Homeowners often confuse market value with replacement cost. The market value of your home is the price you would get for your home on the real estate market, which includes the land. Replacement cost covers the cost to rebuild and does not include land. For example, you may be able to sell your home for $500,000, but it may only cost $250,000 to rebuild.

What factors affect my home’s replacement cost?

  • Size and square footage.
  • Custom features and quality of finishes.
  • Finished basement or garage.
  • Age: Older homes may have features that are more difficult to repair or replace.
  • Exterior home features such as the siding, windows and roof.
  • Fixtures, cabinets, flooring and appliances.
  • Renovations: Notify your insurance company if you do renovations so they can update your home’s replacement value. And make sure your renovation project is appropriately insured.
  • Furniture and valuables: Keep a home inventory. It will help if you need to make a claim.

What are the types of insurance coverage?

When it comes to your home’s replacement value, the type of coverage you have will affect the insurance amount you receive in the event of a claim:

  • Guaranteed replacement cost means your home is covered for the full cost to replace your dwelling without depreciation, even if it exceeds the replacement cost limit in your policy. You’ll need to meet some conditions to be eligible for this coverage, and it’s important to make sure your home’s insured value is up to date.
  • Actual cash value is equal to the replacement cost, minus depreciation. You pay a lower premium for an ACV policy, but you also receive less money in the event of a claim than you would with a replacement cost policy.
  • Specified limits means your insurer will reimburse you for the cost of repairing or rebuilding your home, up to the coverage amount written in your policy.

Does the replacement cost amount affect my insurance premium?

Yes. A lower replacement value will reduce your home insurance premiums.
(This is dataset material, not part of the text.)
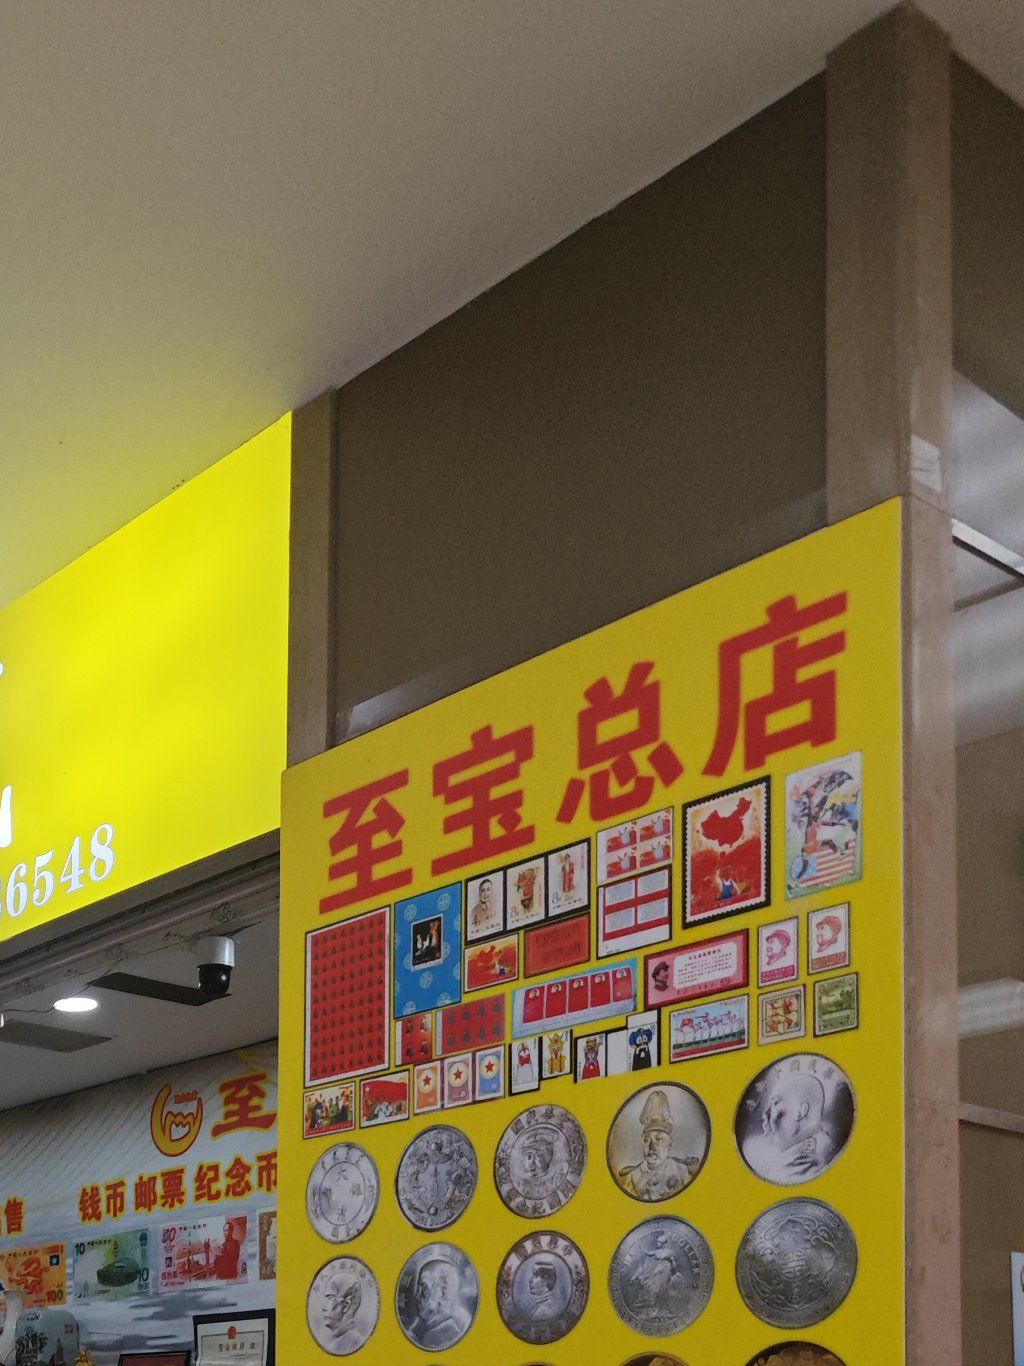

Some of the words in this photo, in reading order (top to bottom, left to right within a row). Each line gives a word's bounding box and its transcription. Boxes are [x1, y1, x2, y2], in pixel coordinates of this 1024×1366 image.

[319, 591, 848, 914] 至宝总店
[79, 1181, 126, 1223] 钱币
[134, 1166, 186, 1213] 邮票
However, if this amount is too low, you may not have enough coverage to replace or rebuild your home.

Is my house replacement value accurate?

The cost of rebuilding your home may have increased in recent years, so it might be time to get your home insurance valuation updated. There are 2 ways to do this:

  1. Talk to your insurance company: Your insurer calculates the replacement value based on the information you provide.
  2. Get a professional appraisal: You can have your home replacement cost assessed by an expert.

Replacement cost is not something to take lightly. If you think your home’s replacement value needs to be updated, contact The Personal to review your policy.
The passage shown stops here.